Twenty-two of 1,000 Leeds bus workers currently in a pay dispute at First Leeds have been suspended.

The bus drivers and customer hosts struck for 24 hours on June 13 in pursuit of a pay increase of 36 pence per hour. First Leeds operates 63 of the Leeds bus routes.

Although the details of the case have not been disclosed, either by the company or the Unite union, a worker told the World Socialist Web Site that the drivers had been disciplined for bringing the firm into disrepute, due to comments made on a private Facebook page. Bus workers said a Unite trade union branch secretary, who is one of the 22, was escorted off the premises by security.

Workers are angry at the suspensions. A driver said, “I thought we should have declared an immediate stoppage. We have to get behind the lads, otherwise management will see it as a sign of weakness. They are obviously thinking, ‘We need to go for the jugular. Let’s get the ring leader and show who’s boss.’ If we don’t make a stand they will think they can do what they want with us.”

In Leeds there are three pay rates, with drivers almost literally having to wait for “dead men’s shoes”—when someone on the top rate leaves and another can take his or her place. All over the UK, the Unite union is presiding over a situation whereby bus workers are paid myriad different rates for doing the same job, both between private companies and within those companies.

London bus transport, for example, is in the hands of 17 different companies, which in some cases pay as many as five different rates. Hourly rates can vary from £9.75 to £15.26. Metroline London, owned by Comfort DelgGro, has three rates: a starter rate, W0 of £28,000, W1 of £30,000 and W2 of £33,000. Transfer from W1 to W2 is impossible and W2 will disappear in time. This is just one of the many complications in the pay structure in London.

In January 2015, the anger among 27,000 bus workers across the whole of London was so great that Unite was forced to call a 24-hour strike to demand some kind of parity. It was the first all-London strike since privatisation 21 years ago. However, this was just a mechanism for allowing workers to let off steam. Nothing was achieved and the union dropped the issue.

Similarly, Sadiq Khan, the new Labour Party mayor of London, whose father was a bus driver, made the resolution of differences in bus workers’ pay one of his campaign pledges. Nothing has been heard of it since his election.

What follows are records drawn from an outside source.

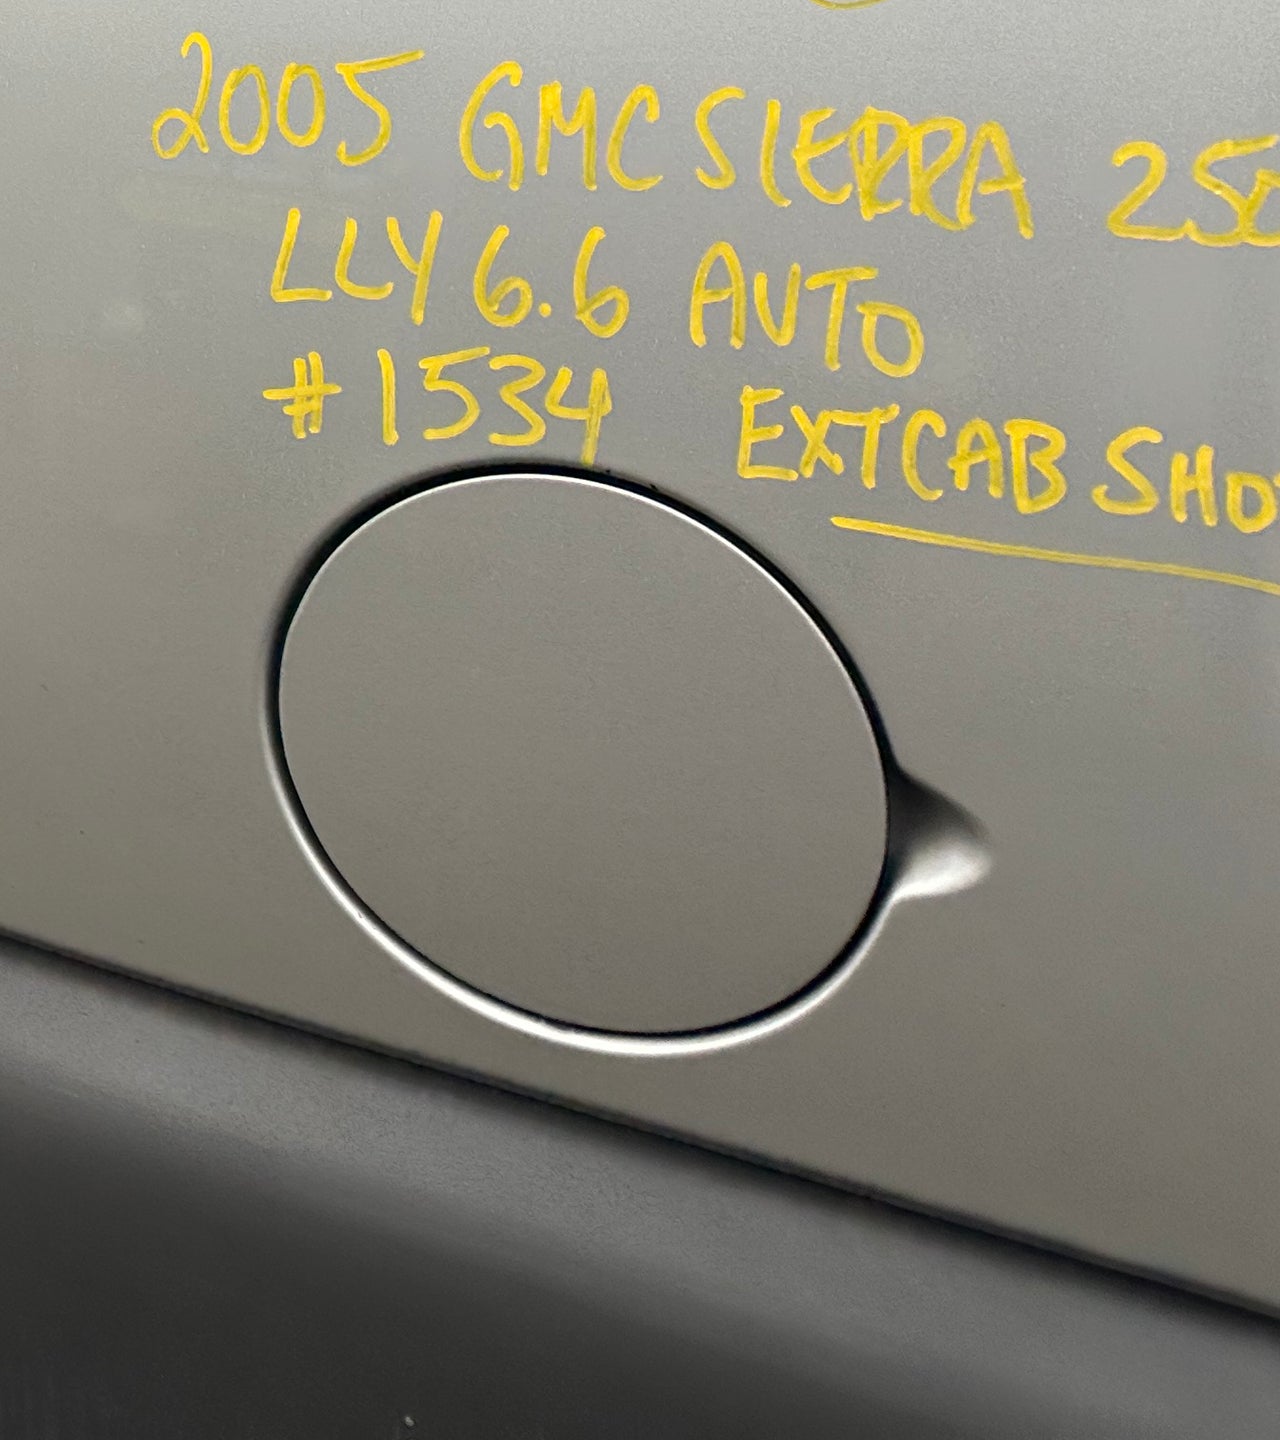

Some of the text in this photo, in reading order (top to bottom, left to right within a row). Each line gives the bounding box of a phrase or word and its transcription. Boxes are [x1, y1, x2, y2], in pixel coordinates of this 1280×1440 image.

[151, 31, 426, 166] 2005
[458, 60, 664, 191] GMC
[694, 85, 1035, 240] SIERRA
[269, 206, 926, 378] LLY 6.6 AUTO
[262, 348, 613, 467] #1534
[1091, 425, 1280, 534] SHO

It suits the trade union bureaucracy to have a divided workforce, which is easier to control. The differences in pay and conditions that exist came about as a result of rotten concessions made over years. In contrast to the union bureaucracy, workers in Leeds are supportive of uniting with other bus workers. On the Leeds picket line, one worker said, “If management can bring in managers from other areas to scab on our strike, why can’t we unite with the workers in those areas in a common purpose?”

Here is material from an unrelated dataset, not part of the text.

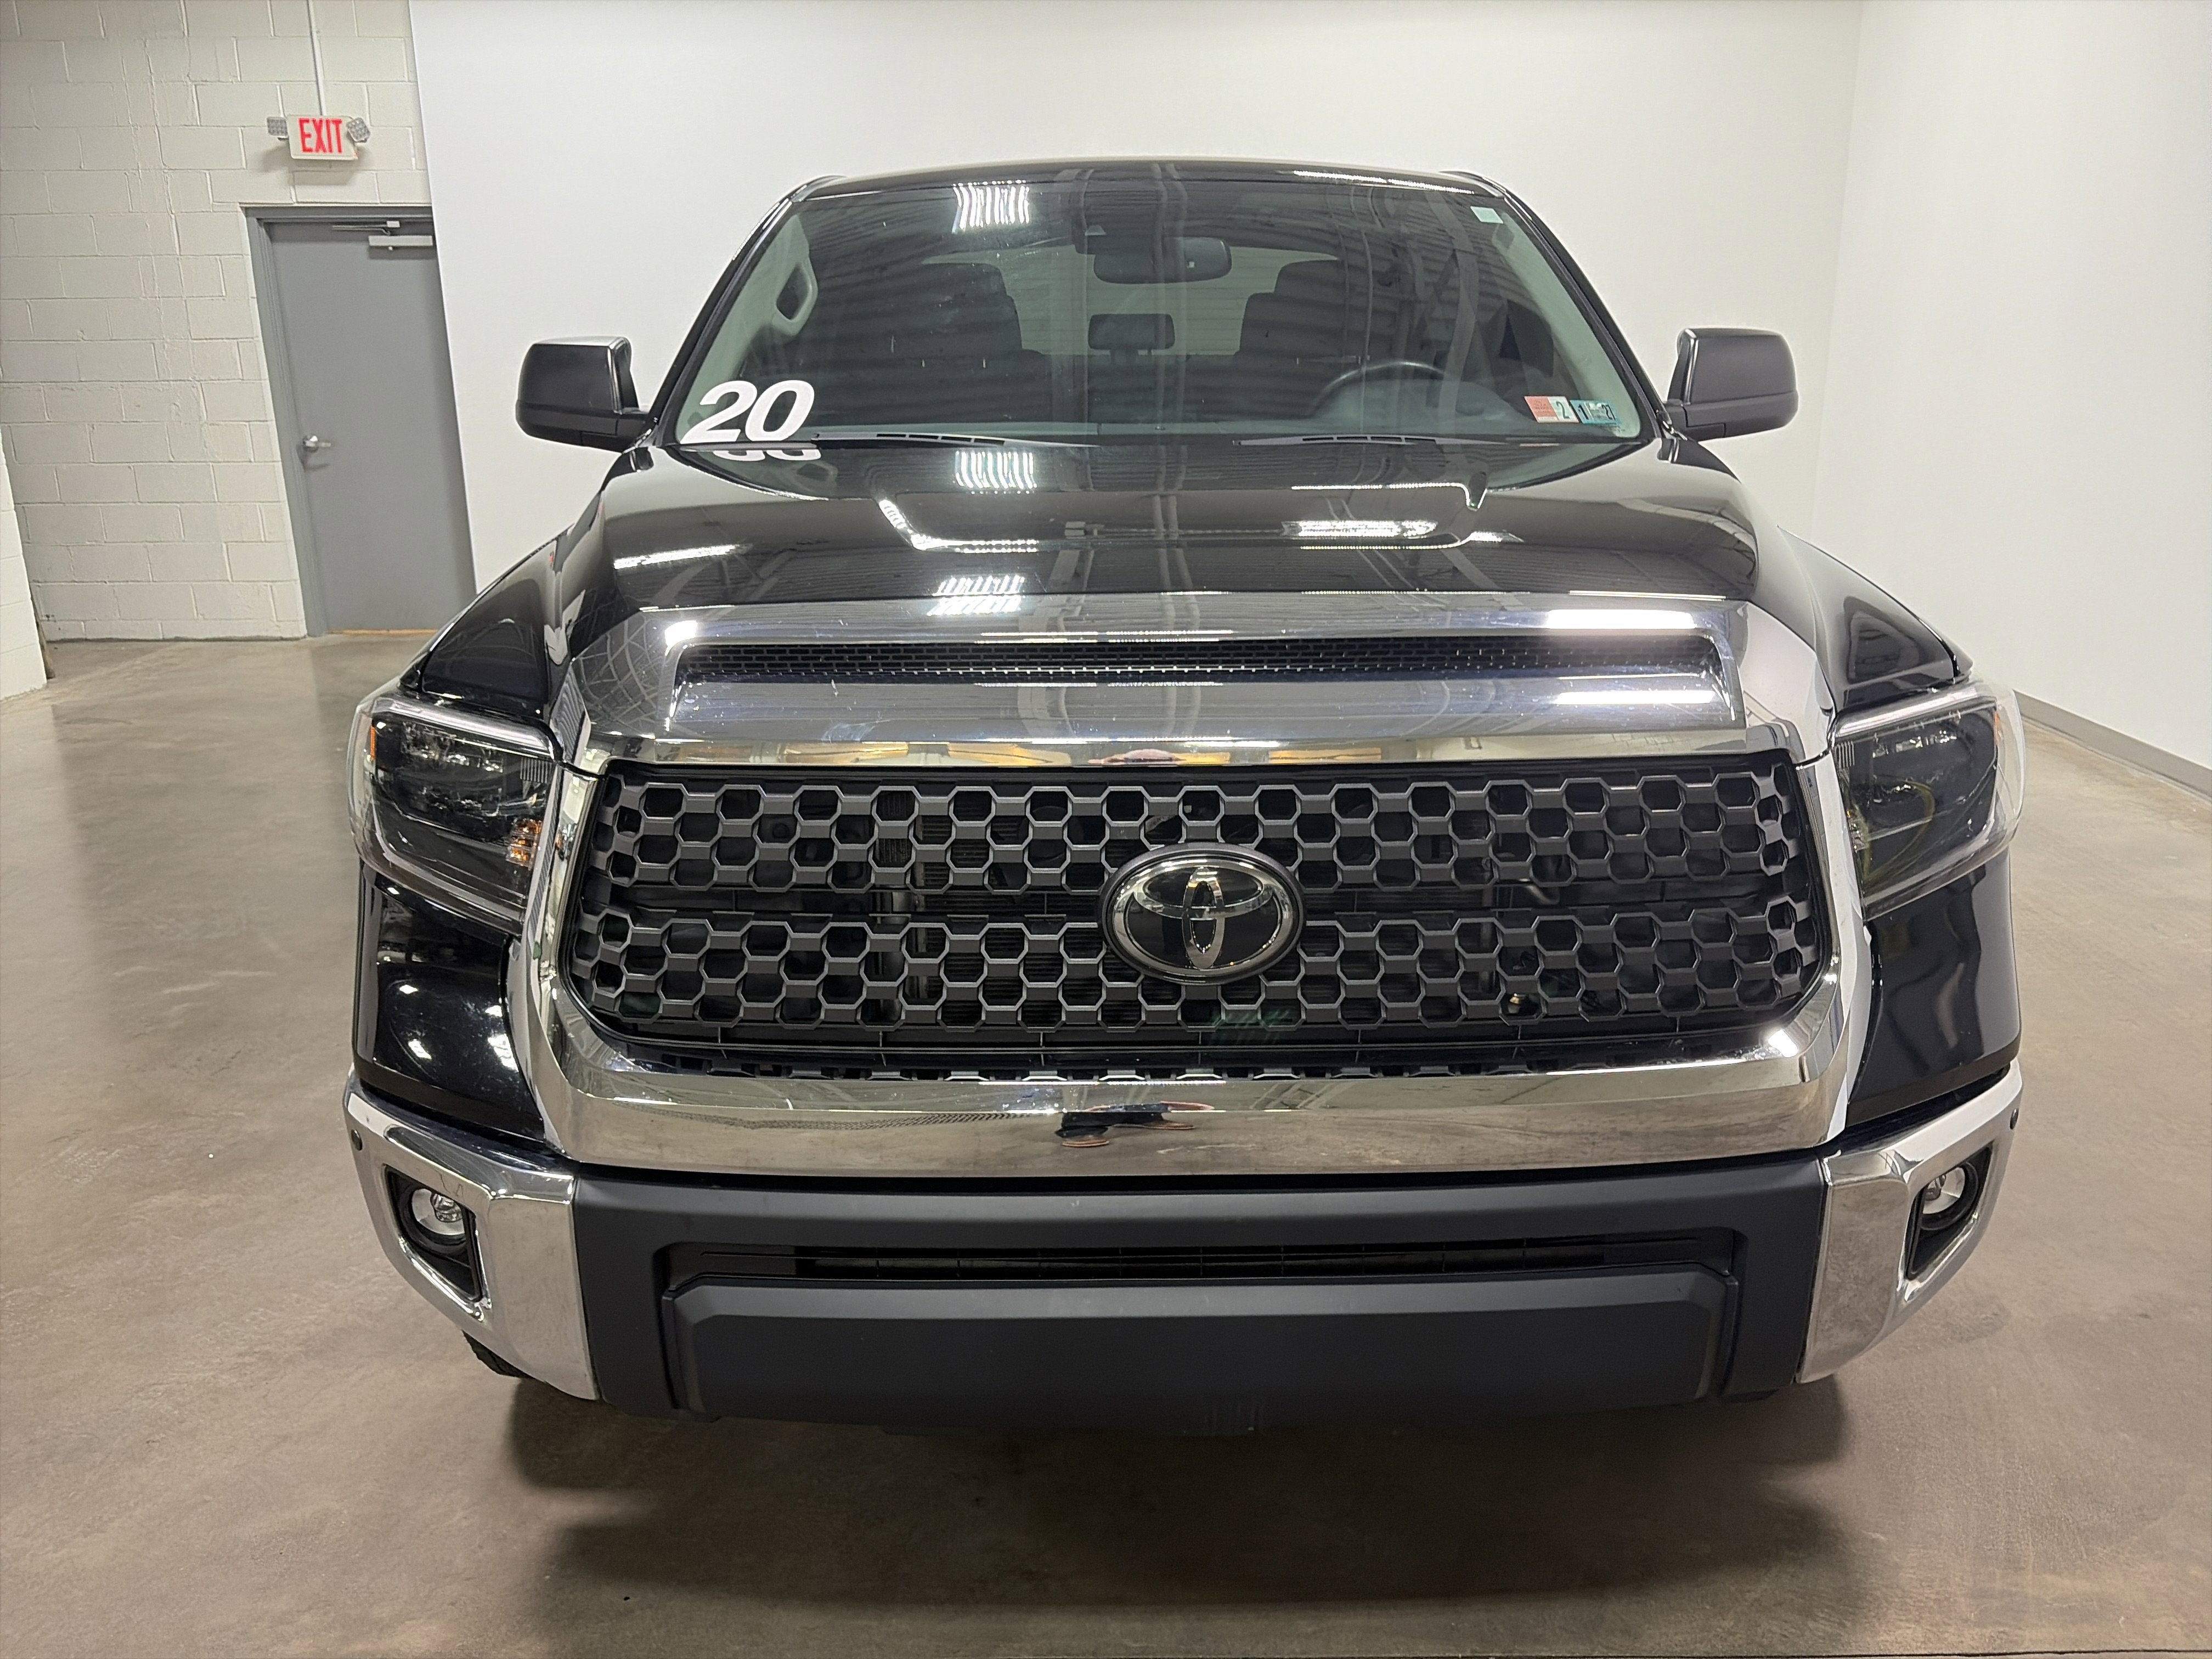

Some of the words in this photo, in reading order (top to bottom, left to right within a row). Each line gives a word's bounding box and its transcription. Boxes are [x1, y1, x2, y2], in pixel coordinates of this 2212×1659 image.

[298, 117, 343, 154] EXIT
[680, 380, 815, 444] 20
[1556, 401, 1571, 419] 2

First runs bus services in many other cities, including Manchester, Bristol, Huddersfield, Halifax, Glasgow and Aberdeen. They also run one-fifth of the UK’s passenger rail network, including Great Western Railways, Trans-Pennine Express, First Hull Trains, Train-Link in London and others. The company began with a management buyout of the Bristol Omnibus Company and expanded through purchases of formerly publicly owned bus and rail companies in England and Wales in the 1980s. Since then, they have invested in transport companies throughout North America.

There have recently been a number of strikes of bus workers over wages and working conditions, including in London, Manchester, Huddersfield, Halifax, Bradford and currently in Leeds and Weymouth (employed by First Bus Dorset).

Bus workers in Leeds need to take the dispute out of the hands of the union and set up a rank-and-file committee to organise their struggle. They must fight against the union’s divide-and-rule policy by forging links with transport workers and others in a common struggle. That includes links across national boundaries, such as with bus workers in San Diego in the United States, who have been in recent struggle against their employer, First Transit. First Transit is part of the FirstGroup, which owns First Bus.